When the original Spectrum files are retrieved from tape (TAP/TZX/etc.), no +3DOS File Header (as described above) is present. However, a Spectrum BASIC Header exists as a preceding independent tape block.
If the user can extract this tape block to a separate file, speccy-conv.py
can read the data in it:
- Information necessary to properly convert Sinclair BASIC (offset to prog).
- Information essential to allow a ZX Spectrum to
LOAD
back the file, once it has been converted (see--tapeHeaderFile
argument).
A new tape header block file can also be generated, as indicated previously.
speccy-conv.py
will check the sanity of this header file in two ways:
- The file length matches 17, as expected.
- The file length matches 19, and the first byte is 00h (header block tape marker). The last byte holds a correct Checkum XOR value, as documented in unofficial documentation.
TLDR Summary:
speccy-conv.py
will auto-detect Sinclair BASIC source code end, even if no header is available.
The ZX Spectrum +3 manual, part 24, "The memory", documents the BASIC format, as it exists in the ZX Spectrum memory and is recorded on a file.
Sinclair BASIC programs start with the source lines (at PROG), followed (at VARS) by the active Variables. PROG and VARS are used as documentation labels and have no fixed value.
On a file, PROG is at the start of the file. However, the official documented way to tell where VARS starts is by using information recorded in the Spectrum BASIC Header, which states the length of the BASIC program (offset to prog) before the Variables section begins. The +3 BASIC Header is documented in the ZX Spectrum +3 manual, part 27, "Guide to +3DOS", section "DOS OPEN 0106h (262)".
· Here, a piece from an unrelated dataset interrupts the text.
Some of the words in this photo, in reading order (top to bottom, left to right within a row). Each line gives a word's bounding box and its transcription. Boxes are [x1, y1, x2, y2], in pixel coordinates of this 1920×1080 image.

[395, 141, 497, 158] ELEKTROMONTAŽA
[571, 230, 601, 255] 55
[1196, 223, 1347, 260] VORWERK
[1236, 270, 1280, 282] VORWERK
Byte | 0 | 1-2 | 3-4 | 5-6 |
---|---|---|---|---|
Program | 0 | file length | 8000h or LINE |
offset to prog |
Numeric array | 1 | file length | 3=? 4=name | ? |
Character array | 2 | file length | 3=? 4=name | ? |
CODE or SCREEN$ |
3 | file length | load address | ? |
Additional unofficial documentation documents the ZX Spectrum tape header. These are jointly called "Spectrum BASIC Headers" because it's how Sinclair BASIC generates and reads them with SAVE
and LOAD
commands.
Byte | 0 | 1-10 | 11-12 | 13-14 | 15-16 |
---|---|---|---|---|---|
Program | 0 | filename | file length | 8000h..FFFFh or LINE |
size of prog |
Numeric array | 1 | filename | file length | 3=? 4=name | ? |
Character array | 2 | filename | file length | 3=? 4=name | ? |
CODE or SCREEN$ |
3 | filename | file length | load address | 8000h |
The --tapeHeaderFile
file and the Automatic +3DOS File Header Detection in speccy-conv.py
provide options to read such header and provide a proper Sinclair BASIC conversion. However, the header may be lost when exporting files from Spectrum to a modern computer.
speccy-conv.py
, therefore, uses a last-resort heuristic to determine when to stop converting source lines.
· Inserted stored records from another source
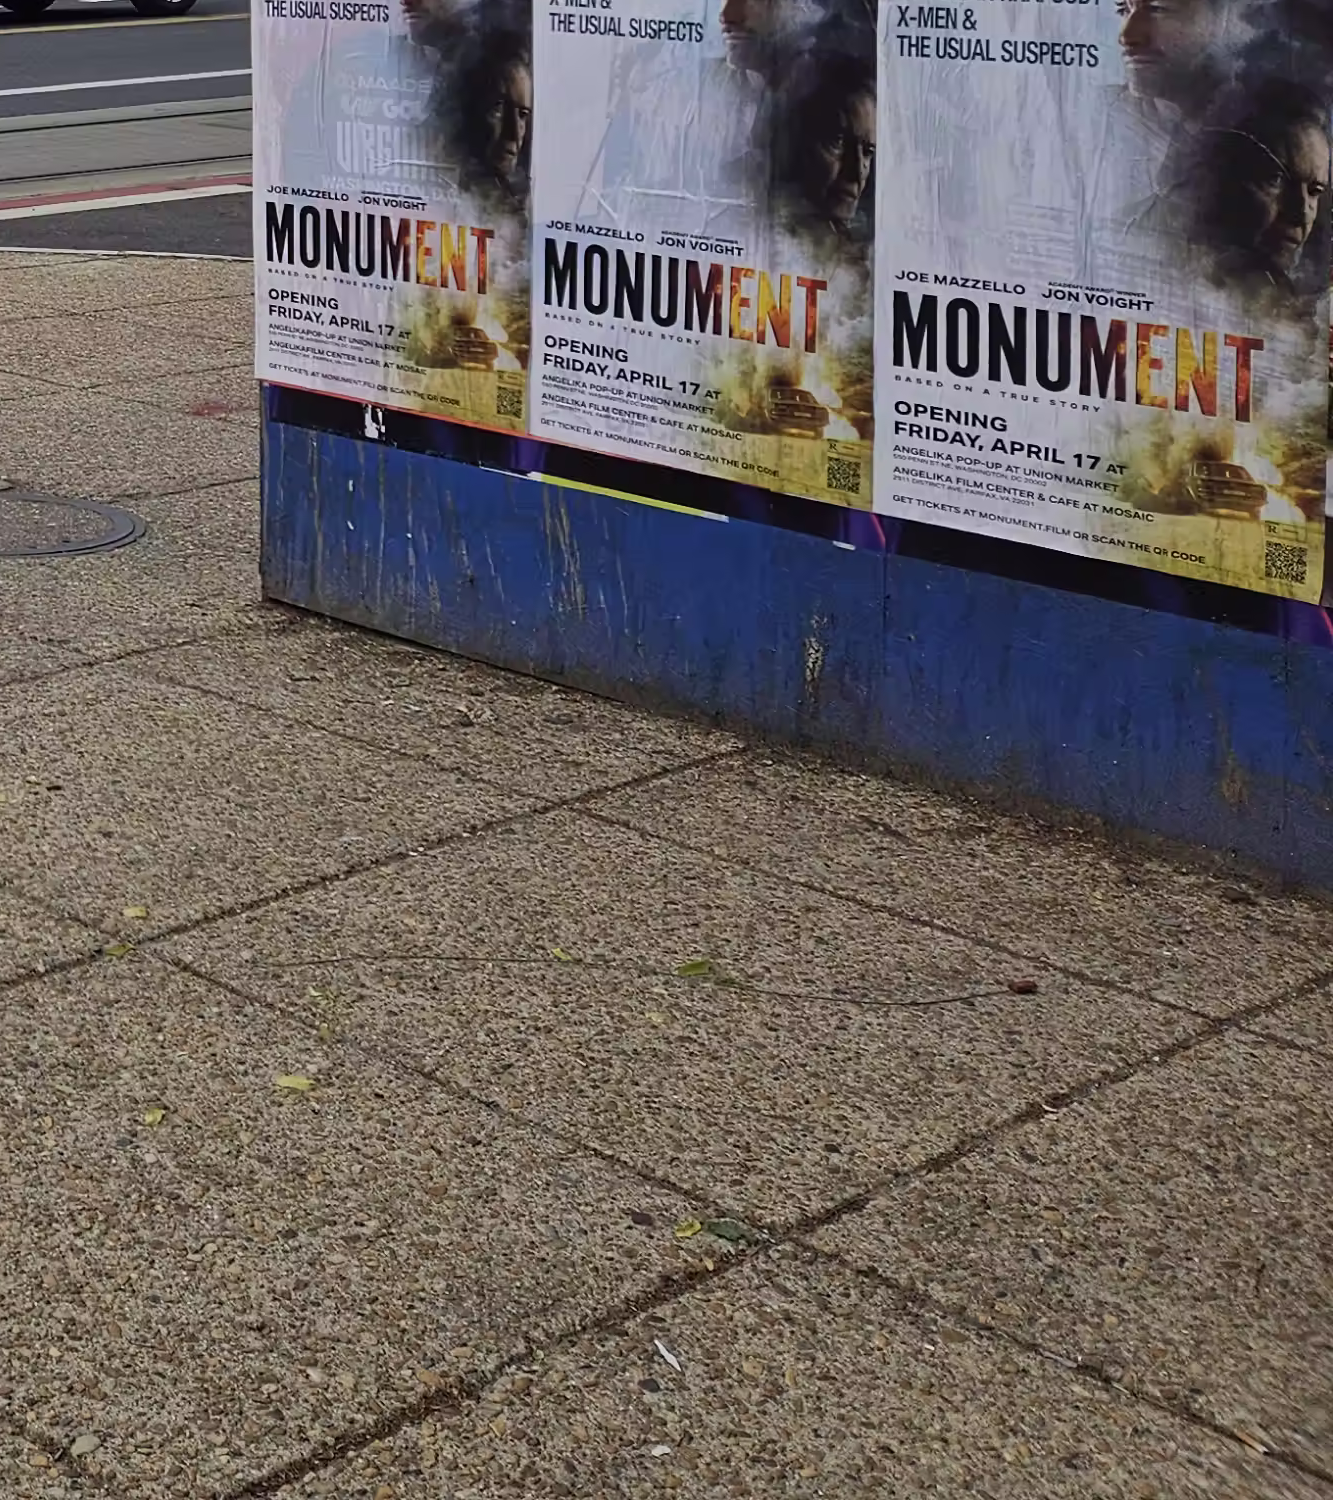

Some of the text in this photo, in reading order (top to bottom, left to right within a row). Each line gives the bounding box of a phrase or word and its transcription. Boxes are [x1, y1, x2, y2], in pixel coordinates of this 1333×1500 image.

[897, 6, 977, 31] X-MEN &
[897, 35, 1099, 67] THE USUAL SUSPECTS
[266, 201, 495, 295] MONUMENT
[544, 237, 828, 354] MONUMENT
[895, 270, 1025, 295] JOE MAZZELLO
[1042, 288, 1154, 311] JON VOIGHT
[543, 352, 722, 401] FRIDAY, APRIL 17 AT
[893, 290, 1264, 423] MONUMENT
[894, 401, 1007, 432] OPENING
[895, 375, 943, 387] BASED
[954, 384, 973, 392] ON
[1000, 391, 1039, 403] TRUE
[1050, 400, 1100, 412] STORY
[893, 445, 1120, 493] ANGELIKA POP-UP AT UNION MARKET
[895, 421, 1128, 475] FRIDAY, APRIL 17 AT
[893, 466, 953, 484] ANGELIKA
[956, 478, 983, 489] FILM
[987, 484, 1034, 499] CENTER
[1037, 492, 1045, 501] &
[1083, 503, 1099, 512] AT
[1102, 505, 1154, 522] MOSAIC
[893, 495, 1206, 564] GET TICKETS AT MONUMENT.FILM OR SCAN THE QR CODE
All lines start with a 16-bit big-endian line number. Sinclair BASIC programs can be written with valid line numbers from 1 to 9999 (270Fh).
+3 BASIC Header documentation determines that a value of 8000h as a line number defines a special situation (no automatic start, a.k.a. no LINE
). Additional unofficial documentation determines that anything between 8000h to FFFFh (i.e., anything with bit 15 set) defines this special situation.
The Z80 and Sinclair BASIC use little-endian storage everywhere except in the line number of the BASIC program. Being big-endian, bit 15 (and bit 14 after it) are in the very first byte of the line, or in other words, they're the left-most bits (7 and 6) of the first byte.
Even though there's no specific separator value between the BASIC program and VARS, the Variables section, all documented variable structures are defined as having the first byte with either bit 7 or bit 6 set (1). No variable structures have both bits clear (0).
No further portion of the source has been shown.